Mike Trout might or might not play in the same stadium for his whole career, but the Angels are building a whole new neighborhood around him.
The Angels unveiled the vision for their home Tuesday, with halos floating atop gateways and pathways, and beneath them 150 acres of parks, shops, homes and restaurants, with Trout and his team at the center of it all.
The Angels put off for now the decision to renovate Angel Stadium or replace it. If the Angels decide to build a new ballpark, the plan calls for it to be located immediately adjacent to the 57 Freeway, and closer to the Anaheim train station. If they renovate, they plan to open up the outfield and turn it into a grand entrance plaza.
The plan also includes two hotels, one with a view directly into the ballpark.
For Anaheim, this week brings renderings of what could be the most significant changes to the city’s landscape made by a company not named Disney.
On Wednesday, the Ducks are expected to unveil a complementary work/live/play district anchored by the Honda Center. That development, combined with the one around Angel Stadium, adds up to more than 250 acres of the urban village the city has long sought to establish in its so-called “Platinum Triangle.”
The investment by the ownership of each team includes a commitment to stay in Anaheim: the Ducks through 2048, the Angels through 2050. The Angels’ current lease allows the team to control development on the site, even by other parties, through at least 2029.
“The stadium development plan will realize the vision of the Platinum Triangle decades before the current lease allows,” Angels owner Arte Moreno said in a statement. “This plan is an important step in creating a driving economic force, while investing in Anaheim’s future.”
For fans, the plan promises gathering places for eating, drinking, shopping and relaxing before and after games, in part a bid to ease traffic that largely would be directed to two new parking structures. The plan also proposes a mix of luxury and affordable housing — a combined 5,175 residences in all — that includes such neighborhood needs as a grocery store, dry cleaners and playgrounds.
The plan also envisions 2.7-million square feet of office space and 1.1-million square feet of shops, restaurants and entertainment. The fate of the City National Grove Theater of Anaheim, located on the Katella Avenue side of the property, is undetermined under this plan.
The city agreed last December to sell the 150-acre site to Moreno’s newly formed, family-owned company for $325 million, subject to discounts for affordable housing, open space and a community benefits agreement.

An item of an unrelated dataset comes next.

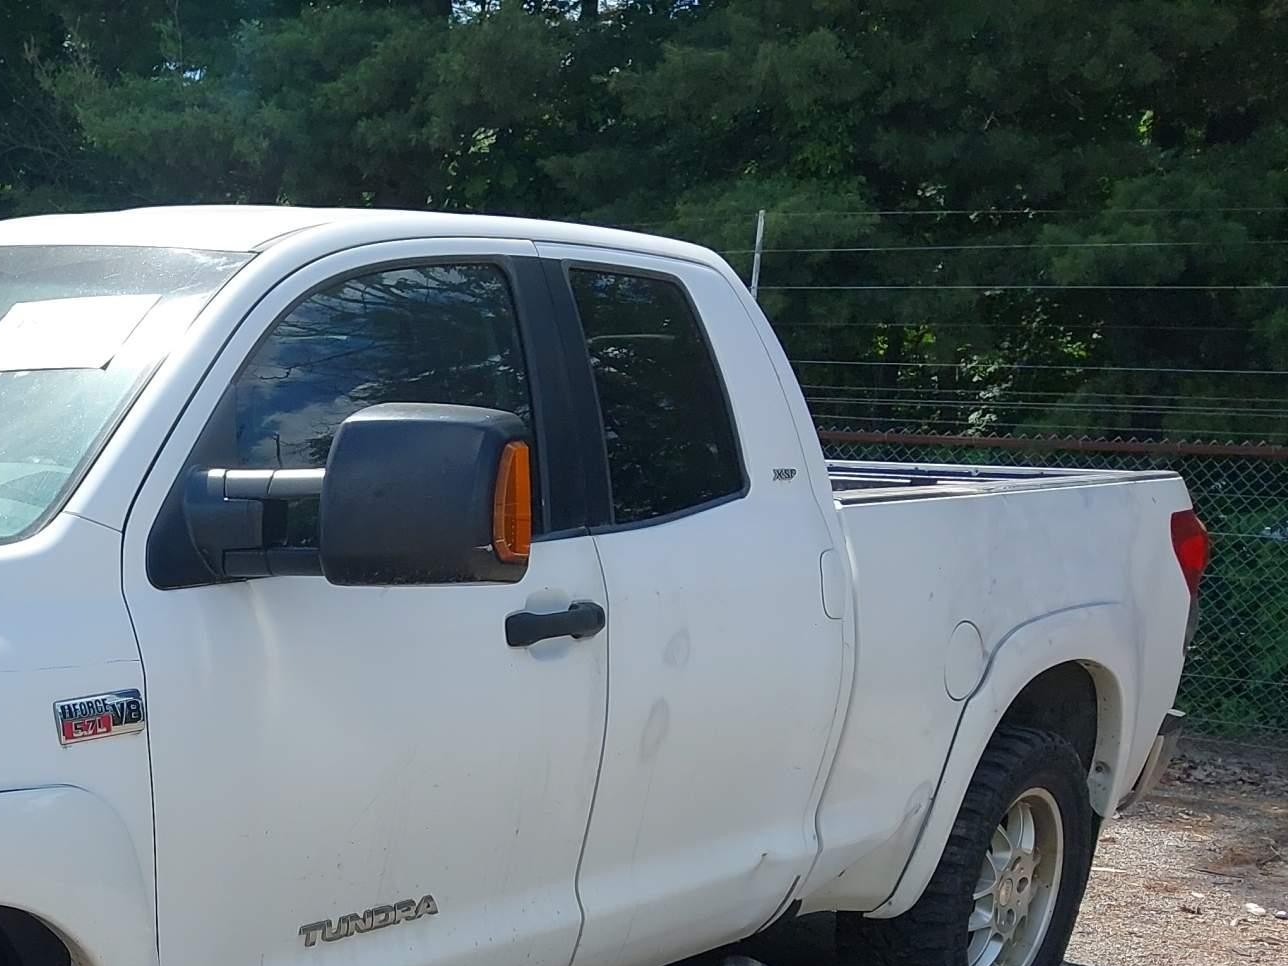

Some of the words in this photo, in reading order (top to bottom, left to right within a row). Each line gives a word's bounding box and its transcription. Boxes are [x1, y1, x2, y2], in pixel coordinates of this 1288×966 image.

The final price has yet to be set.
The plan now proceeds to a city approval process; Moreno’s company has until Sept. 30 to walk away from the deal.
“This plan has the potential to bring the great experiences of baseball cities such as San Diego or Chicago to Anaheim,” Mayor Harry Sidhu said in a statement. “Not only does this proposal speak to our vision for baseball in Anaheim, the investment it represents will help move our city past the economic impacts of coronavirus in years to come.”
Construction is set to start by 2025 and run through 2050. According to Moreno’s company, the project could create 30,000 construction jobs and 45,000 permanent jobs, with the city receiving $1.2 billion in general fund revenue and $443 million in hotel taxes over 30 years. The data came from a company-commissioned report that was not made publicly available Tuesday.
Angel Stadium, which opened in 1966, is the fourth-oldest stadium in the major leagues.
The other three have been significantly enhanced in recent years, and not just within the ballparks themselves. The Boston Red Sox are working on a concert hall adjacent to Fenway Park, and they have taken over a key street outside Fenway Park on game days. The Chicago Cubs have added restaurants, a hotel and open space surrounding Wrigley Field.
The Dodgers just completed a grand plaza beyond center field, including eateries, a beer garden, sports bars, a concert plaza and a play area. Dodger Stadium opened in 1962, and Guggenheim Baseball Management has invested more than $300 million into renovations since buying the team in 2012.
Over the decades, the city has been long on glamorous development plans for the Angel Stadium property, but short on success.
After the Rams left Anaheim for St. Louis in 1995, the city pitched the NFL on buying a piece of the Angel Stadium parking lot, and building an interactive football theme park adjacent to a new NFL stadium. The NFL passed.
In 1996, the city proposed a "Sportstown" that would have included hotels, shops and offices as well as orchards, a produce market, youth sports fields and a Western village with a rodeo arena, with a plan to connect Angel Stadium to what is now Honda Center. The Walt Disney Co. bought the Angels that year, and the city asked Disney to develop the project. Disney passed, and an outside developer failed to generate interest among potential tenants.
There has been one constant through the six decades the Angels have played in Anaheim: the iconic Big A structure, now located in the stadium parking lot.
“The Big A will always be part of this property, in one version or another,” said Marie Garvey, spokeswoman for Moreno’s management company.
The rockpile Disney installed in the outfield, according to the renderings released Tuesday, will not.